In the 12th issue of NSF's biennial Science & Engineering Indicators, published last week, Jon D. Miller and Linda Pifer of the Chicago Academy of Sciences unveil their updated survey on science literacy in the United States. The 1995 data show that about 70 percent of adults think science is valuable, continuing a trend more than 2 decades long (see p. 360). At the same time, Miller points out, understanding of particular concepts-or even of how science is performed-remains low.
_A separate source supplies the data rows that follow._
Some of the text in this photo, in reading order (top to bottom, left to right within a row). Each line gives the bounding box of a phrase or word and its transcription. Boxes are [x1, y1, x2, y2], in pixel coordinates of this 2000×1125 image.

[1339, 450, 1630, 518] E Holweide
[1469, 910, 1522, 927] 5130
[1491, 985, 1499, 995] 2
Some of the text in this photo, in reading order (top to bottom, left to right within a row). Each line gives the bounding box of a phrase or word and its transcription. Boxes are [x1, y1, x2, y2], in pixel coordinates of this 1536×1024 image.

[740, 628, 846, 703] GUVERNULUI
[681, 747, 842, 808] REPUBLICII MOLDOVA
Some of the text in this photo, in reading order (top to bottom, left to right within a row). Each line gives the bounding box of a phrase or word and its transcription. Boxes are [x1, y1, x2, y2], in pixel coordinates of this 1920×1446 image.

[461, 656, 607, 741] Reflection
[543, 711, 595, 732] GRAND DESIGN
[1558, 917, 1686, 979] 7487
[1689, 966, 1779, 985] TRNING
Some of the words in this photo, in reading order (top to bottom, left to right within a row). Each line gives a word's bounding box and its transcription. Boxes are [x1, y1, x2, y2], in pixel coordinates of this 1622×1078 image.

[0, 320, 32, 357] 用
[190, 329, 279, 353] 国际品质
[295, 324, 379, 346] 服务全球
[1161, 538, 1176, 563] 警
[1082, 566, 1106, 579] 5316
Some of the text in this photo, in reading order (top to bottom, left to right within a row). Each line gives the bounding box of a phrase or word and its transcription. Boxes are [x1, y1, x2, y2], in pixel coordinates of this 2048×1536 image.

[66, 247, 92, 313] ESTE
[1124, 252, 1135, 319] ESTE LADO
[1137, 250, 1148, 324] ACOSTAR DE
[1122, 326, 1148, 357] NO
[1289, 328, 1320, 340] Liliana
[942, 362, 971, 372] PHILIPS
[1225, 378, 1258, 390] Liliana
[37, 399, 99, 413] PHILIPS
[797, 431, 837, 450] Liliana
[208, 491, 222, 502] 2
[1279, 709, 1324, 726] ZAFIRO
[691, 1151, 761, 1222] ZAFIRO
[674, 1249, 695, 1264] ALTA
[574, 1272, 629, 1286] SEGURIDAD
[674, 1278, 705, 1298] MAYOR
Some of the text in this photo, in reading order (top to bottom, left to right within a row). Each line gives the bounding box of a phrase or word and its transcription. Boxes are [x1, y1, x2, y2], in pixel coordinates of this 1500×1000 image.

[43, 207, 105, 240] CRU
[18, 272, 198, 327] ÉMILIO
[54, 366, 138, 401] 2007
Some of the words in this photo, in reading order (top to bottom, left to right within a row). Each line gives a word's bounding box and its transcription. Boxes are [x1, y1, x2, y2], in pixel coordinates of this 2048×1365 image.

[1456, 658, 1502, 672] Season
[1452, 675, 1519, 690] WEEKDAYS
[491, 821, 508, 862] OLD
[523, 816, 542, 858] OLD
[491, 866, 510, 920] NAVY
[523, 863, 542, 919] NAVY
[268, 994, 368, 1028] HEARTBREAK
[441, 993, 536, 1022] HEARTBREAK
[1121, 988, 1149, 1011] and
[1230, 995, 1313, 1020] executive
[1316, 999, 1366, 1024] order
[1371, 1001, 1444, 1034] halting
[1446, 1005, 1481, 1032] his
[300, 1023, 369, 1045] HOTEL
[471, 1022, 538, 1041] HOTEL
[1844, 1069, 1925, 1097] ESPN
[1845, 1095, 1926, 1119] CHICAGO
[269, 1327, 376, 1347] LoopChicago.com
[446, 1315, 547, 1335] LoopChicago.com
For instance, he and Pifer found that fewer than 10 percent of adults can describe a molecule beyond noting that it's small. Only 20 percent can even minimally define DNA, and slightly fewer than half know that Earth rotates around the sun once a year.
Although almost one-quarter could explain correctly how chlorofluorocarbons were believed to contribute to the thinning of stratospheric ozone, only about half of these adults could describe reasonably well where in the atmosphere this thinning is taking place. …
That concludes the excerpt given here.